Doxey is part of a large and established regional retailer, A Southern Season, which has combined specialty foods and housewares to create a multi-million dollar business in the college town. The 59,000-square-foot, $25-million store grew from a one-person coffee roastery, and it features specialty coffee and tea, a full-service wine bar, a House and Home department, a floral market, a cooking school and culinary lessons. A part of the store’s success, said Doxey, is the careful placement of the housewares.
“We aim to capture the consumer and to provide them with everything they need when they shop,” he said. “The key is correct product placement—for example, placing tea makers next to the tea selection and stemware next to the wine. The housewares always appear as they interact with the food that we offer.”
An additional aspect of the store’s success, said Doxey, is frequent in-store events that showcase both the food and the housewares, such as a knife demonstration and sharpening class using some of the gourmet foods the store offers. “There is something happening with food and housewares at the store every day,” said Doxey.

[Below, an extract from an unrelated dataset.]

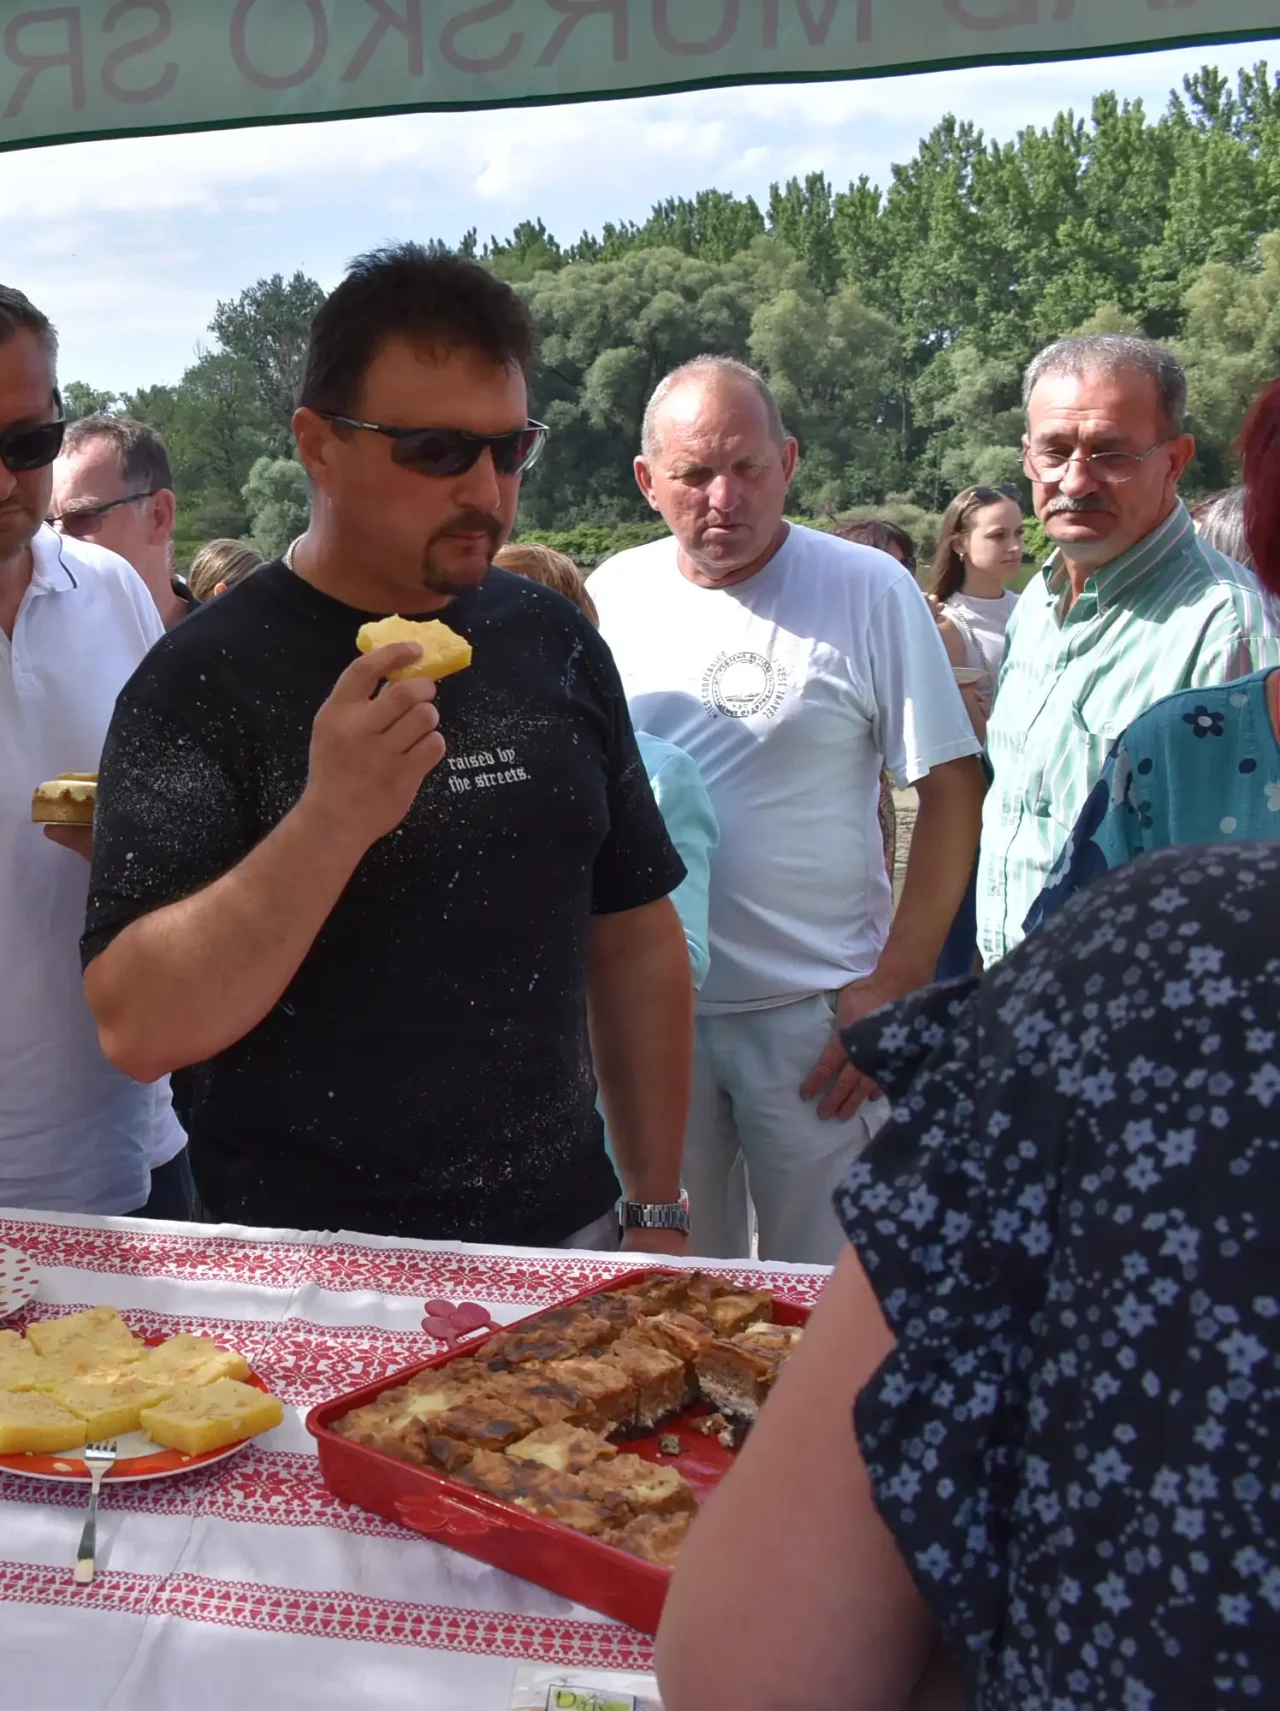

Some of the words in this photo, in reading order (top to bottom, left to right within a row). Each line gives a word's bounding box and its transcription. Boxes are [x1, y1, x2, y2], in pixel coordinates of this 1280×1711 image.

The International Housewares Association is the 69-year-old voice of the housewares industry, which accounted for (US) $303 billion at retail worldwide in 2005. The not-for-profit, full-service association sponsors the world’s premier exposition of products for the home, the International Home & Housewares Show, and offers its 1,700 member companies a wide range of services, including industry and government advocacy, export assistance, State-of-the-Industry reports, point-of-sale and consumer panel data through Housewares Market Watch, executive management peer groups, a unique community at www.housewares.org, and group buying discounts on business services.